Alien from the Deep (1989)

I really couldn’t tell if Charles Napier’s Colonel Kovacks, the evil chemical plant operator, was supposed to be the bad guy in this mouth-watering alien slime drenched Italian jungle/horror/sci-fi casserole.

Napier ruthlessly pursues a couple of trespassing environmental activists, cusses out his employees, shrugs off the Chicken Little whining of his head scientist (first about the problems with the volcano they are using to dump toxic waste in and then about the strange burrowing creature that’s terrorizing the plant) and settles on a plan of blowing everything back to the Stone Age to defeat the creature.

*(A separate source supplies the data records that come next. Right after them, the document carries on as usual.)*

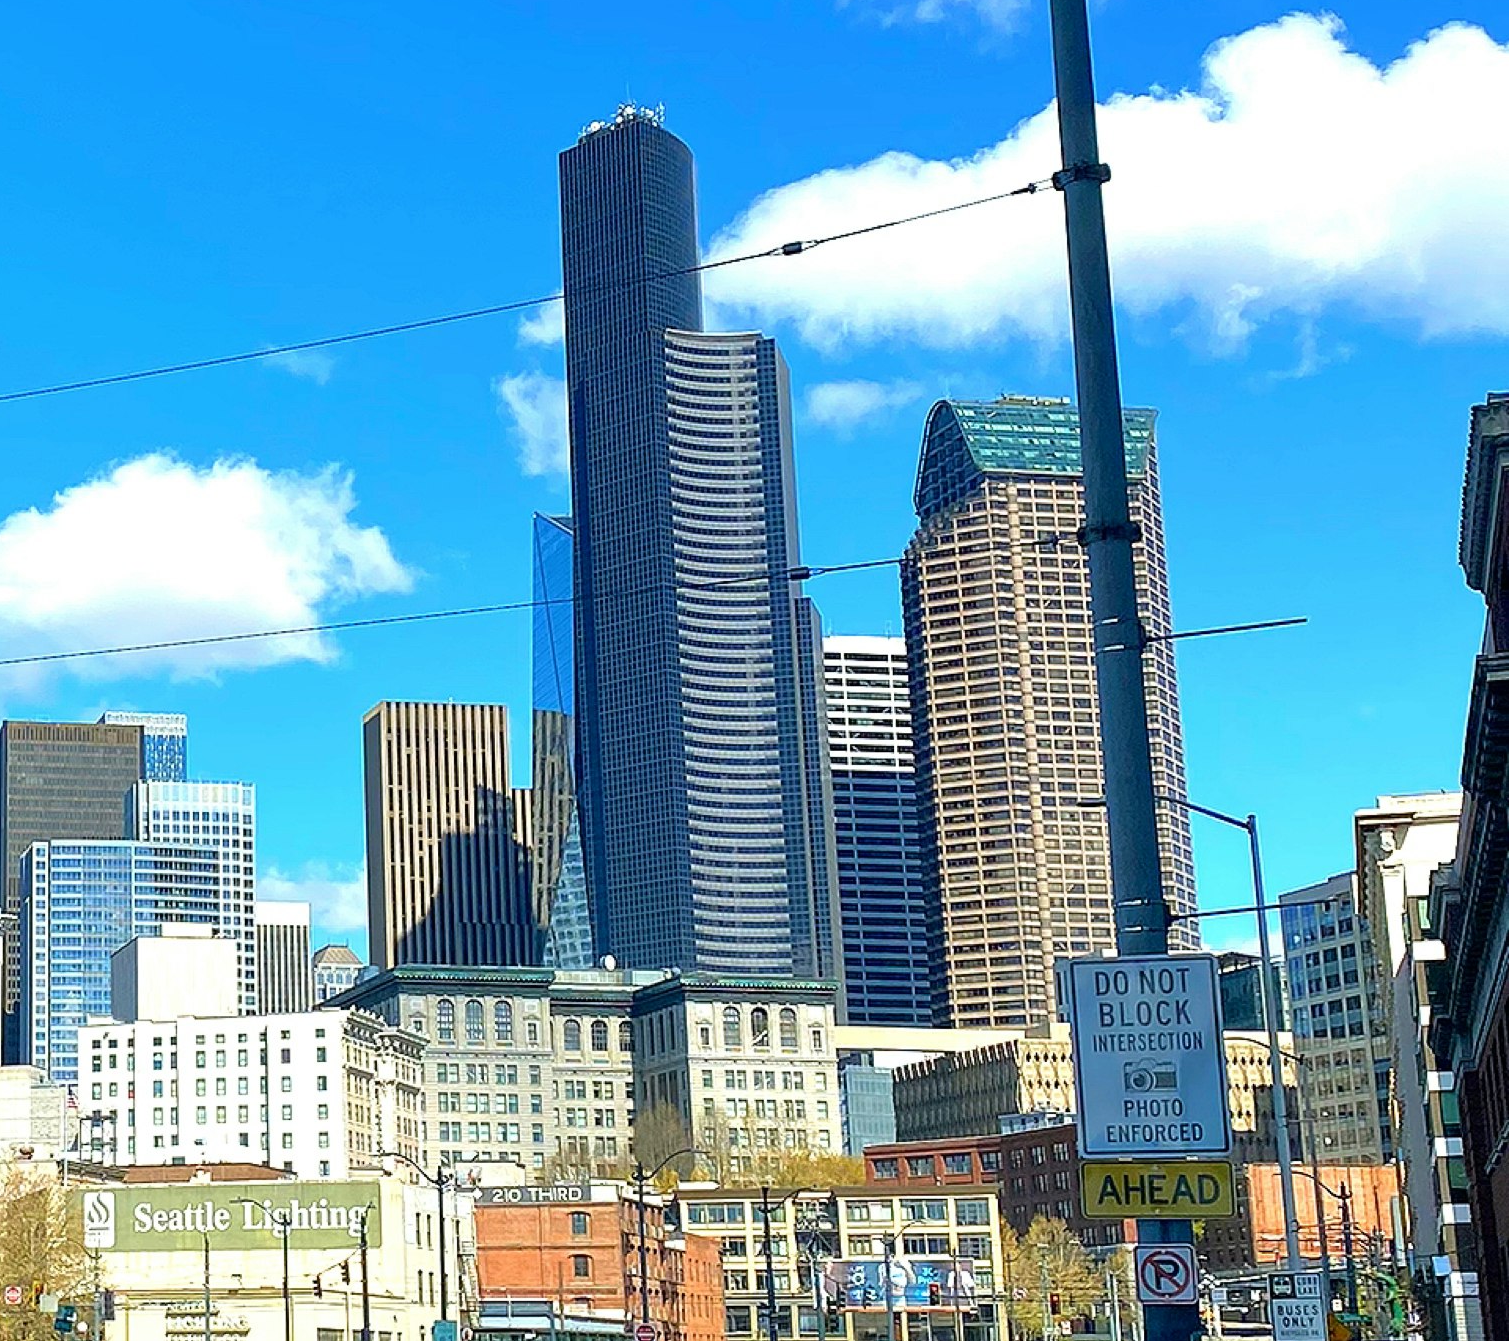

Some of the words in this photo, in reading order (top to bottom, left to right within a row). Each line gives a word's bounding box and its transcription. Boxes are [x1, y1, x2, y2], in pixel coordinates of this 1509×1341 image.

[1094, 970, 1128, 996] DO
[1139, 967, 1191, 994] NOT
[1099, 1000, 1192, 1027] BLOCK
[1092, 1031, 1204, 1052] INTERSECTION
[1123, 1097, 1184, 1119] PHOTO
[1105, 1122, 1204, 1144] ENFORCED
[492, 1188, 522, 1203] 210
[527, 1187, 582, 1202] THIRD
[1097, 1173, 1221, 1207] AHEAD
[133, 1198, 231, 1234] Seattle
[242, 1196, 367, 1240] Lighting
[1277, 1305, 1319, 1316] BUSES
[1282, 1316, 1315, 1328] ONLY
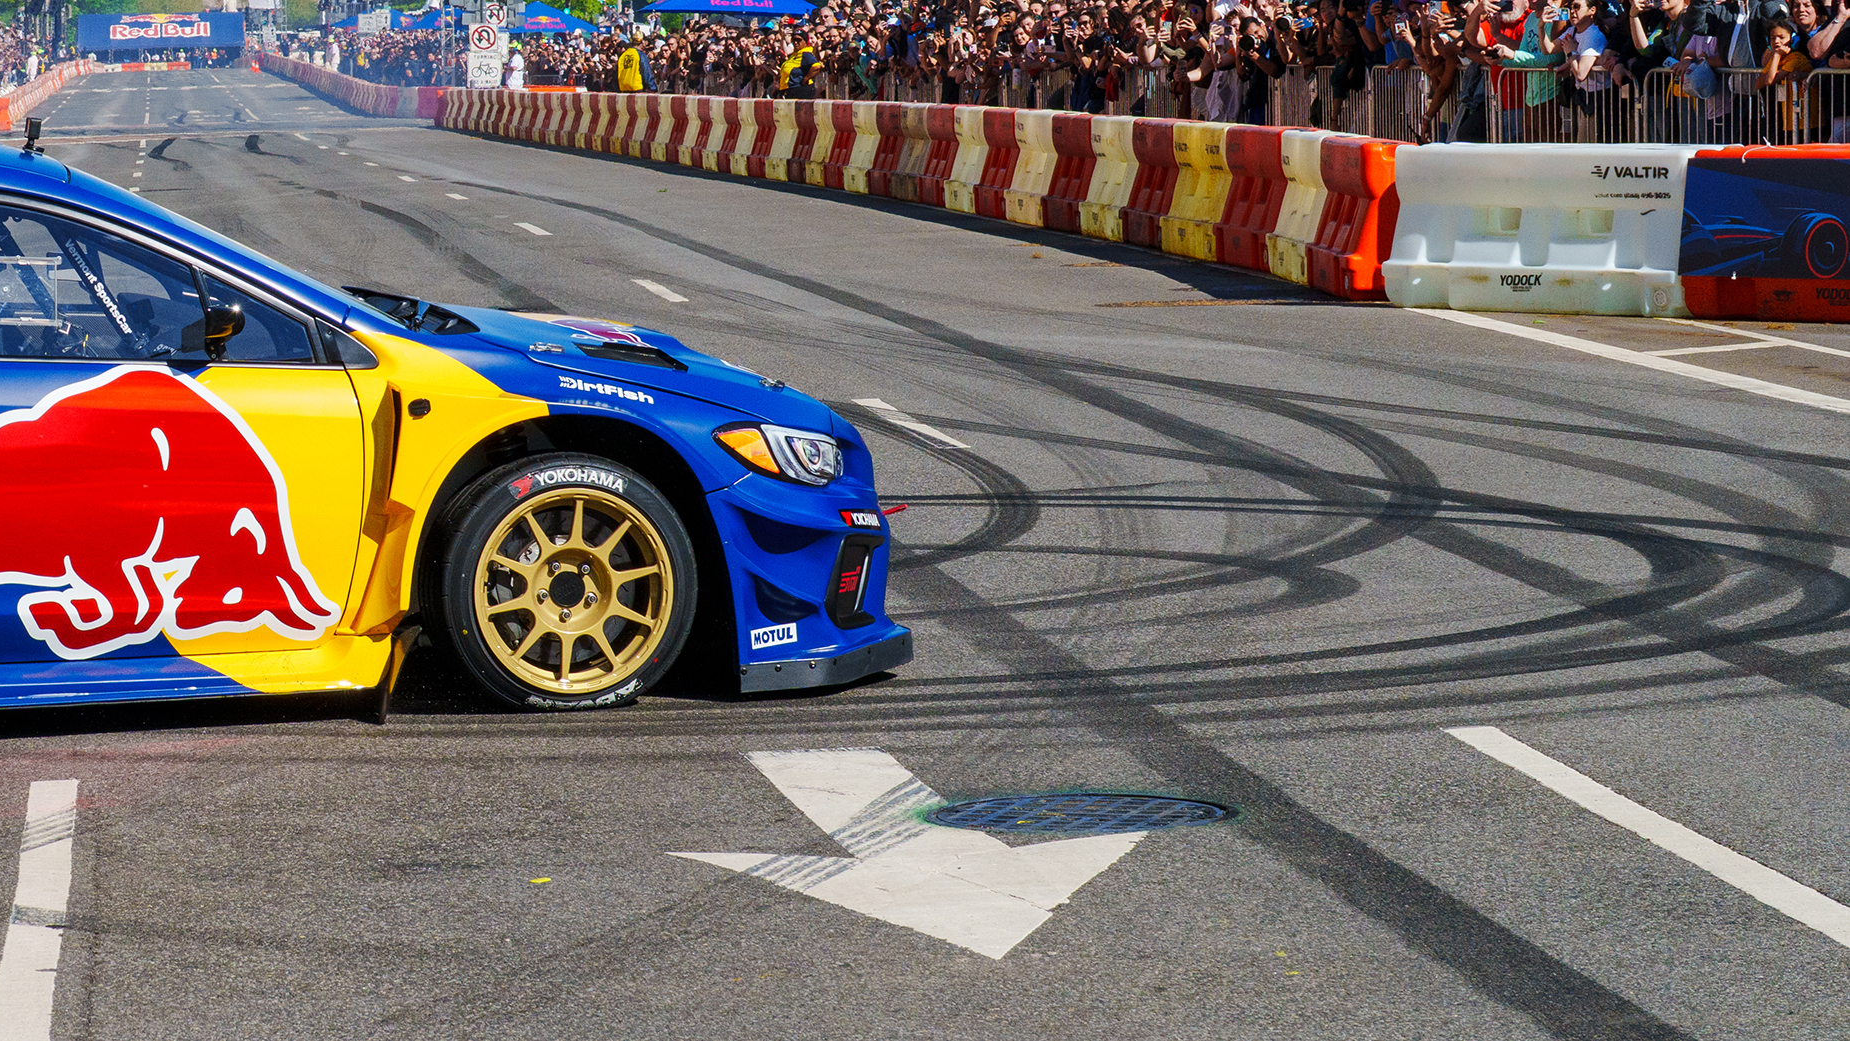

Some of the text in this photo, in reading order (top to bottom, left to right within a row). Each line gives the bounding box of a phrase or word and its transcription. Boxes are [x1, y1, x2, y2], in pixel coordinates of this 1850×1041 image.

How can you not admire a guy who, when given dire information about the alien, smirks and says “don’t worry about it Geoffrey because this is war and that’s something I know a lot about.” First environmentalists and now this? It’s all just more asses to kick for Col. Kovacks!

Jane and Lee are the eco-terrorists bent on messing up Kovacks’ day as they sneak onto his island to document the secret nuclear waste disposal taking place under cover of EChem’s geothermal plant. I was rooting against these dopes right from the beginning when their sneaky plan consisted of just taking a boat to the island and hoping Kovacks wouldn’t notice.

Even dumber was that they met up with a missionary who lives with the locals which made you wonder why they just didn’t openly go to the island pretending to be working with the missionary. That Jane would later meet up with Bob, a snake hunter living on the island, made it apparent that the area wasn’t exactly off limits to everyone but EChem employees anyway.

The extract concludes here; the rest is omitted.